Black Bears and Black Pepper… and Cayenne Pepper Too!

Black Bears and Black Pepper 1

“This misty spray just could save your life”

I’ve eaten quite a lot of black bear meat in my life. And, just like most meats, I normally season it with salt and black pepper when I’m preparing to cook it. But, when I’m in the bush and I see a bear within my immediate area, I’ll “season it” with cayenne pepper over black pepper, any day.

Cayenne-based pepper spray is, in my opinion, the best line of self defense against bears. My second best line of self defense against bears or my “go to move” if I ever had to defend myself without pepper spray, would be the double leg, flying scissors take down.

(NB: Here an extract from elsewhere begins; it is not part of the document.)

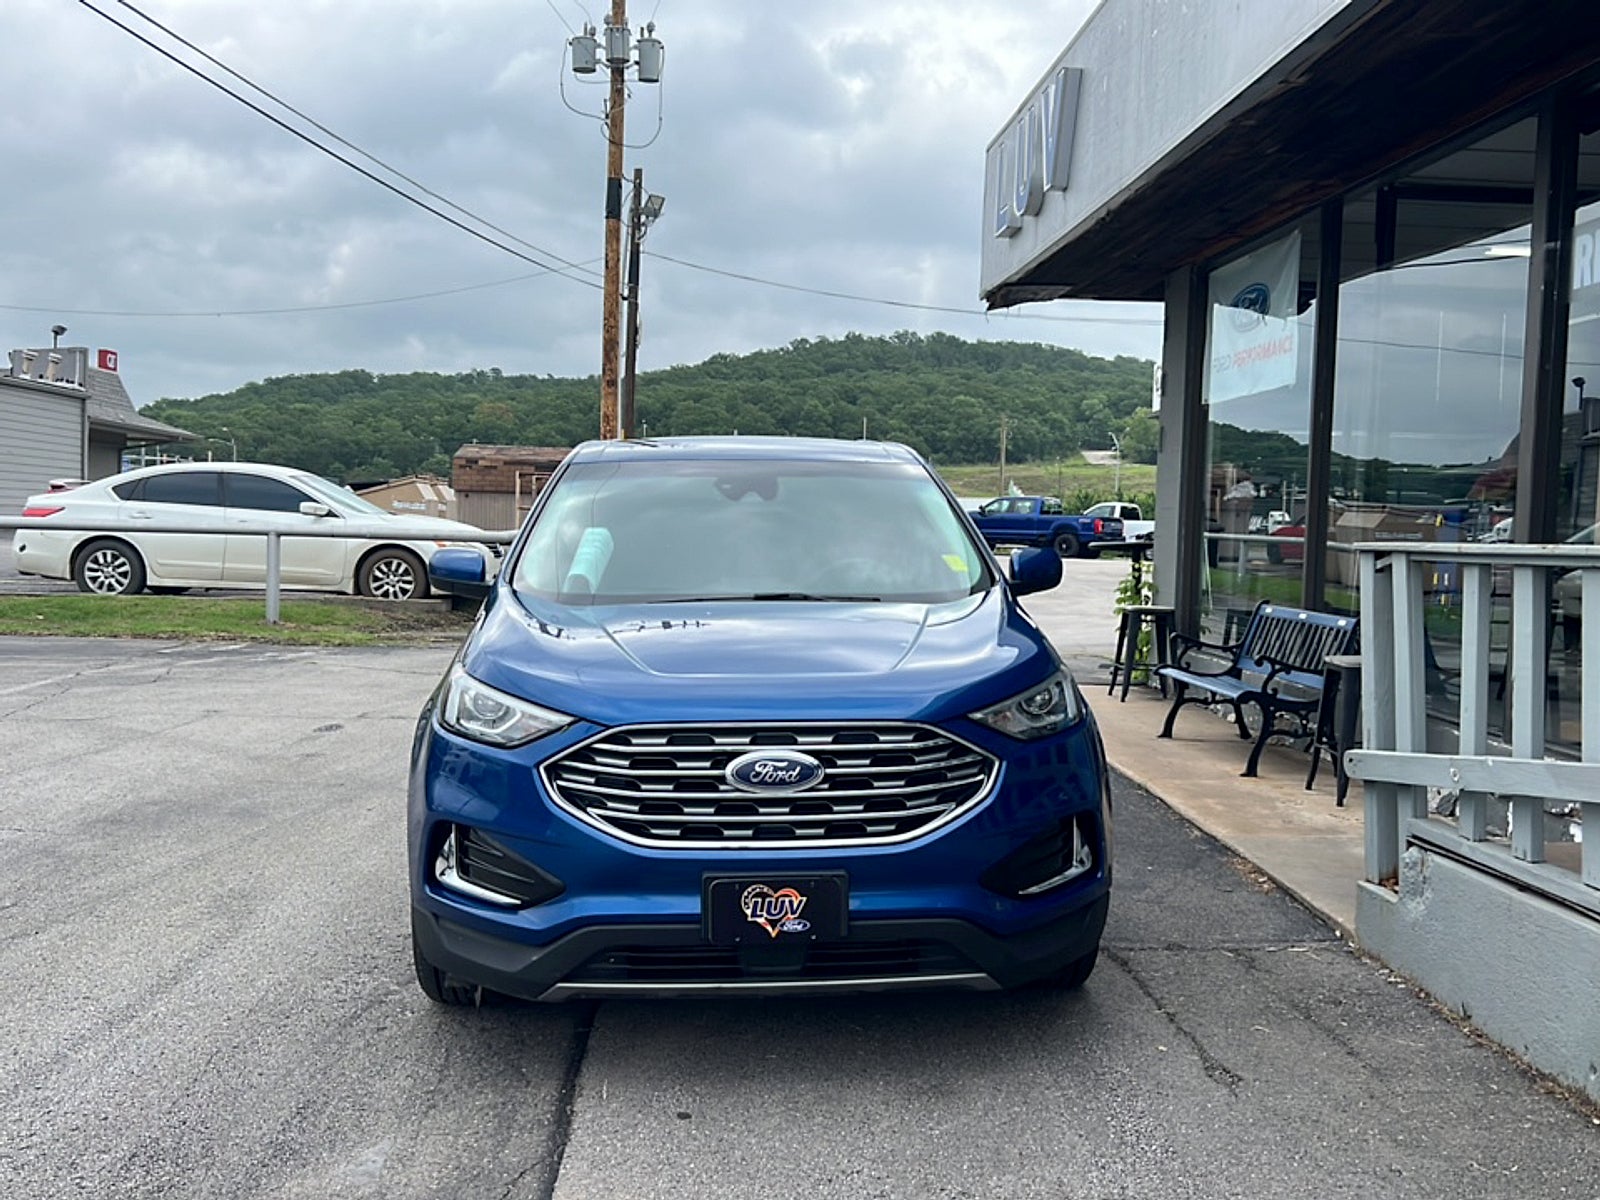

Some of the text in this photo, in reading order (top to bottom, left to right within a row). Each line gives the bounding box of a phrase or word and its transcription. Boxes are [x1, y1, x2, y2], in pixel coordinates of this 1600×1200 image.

[994, 67, 1083, 238] LUV
[749, 760, 801, 783] Ford
[747, 896, 807, 921] LUV

But, I truly hope that I never have to try that one, because I’d look like a real asshole when the bear gave me a head fake, moved to side and I landed on the ground!

A few years ago, when I was living in northwestern Ontario, I was back on my property, about a half a mile from my house, clearing the brush around the base of a tree, preparing a spot to hang a treestand. This would have been mid-September. There were quite a few bears in my area and three of the dumber ones ended up getting got shot while on my back steps. Have you ever suddenly had the feeling that someone or something was watching you? Well, holy shit, I sure did that day! I turned around and about 40 yards away was a smallish black bear of around 150 pounds, maybe 200, tops. I’ve been around bears all my life and have been very close to a bunch of them while in the bush and I’ve never been nervous or afraid of these animals that are often shy and afraid of us humans. I’ve never had to prepare myself to use my “second best line of self defense,” the double leg, flying scissors take down. But, this time things seemed a little different.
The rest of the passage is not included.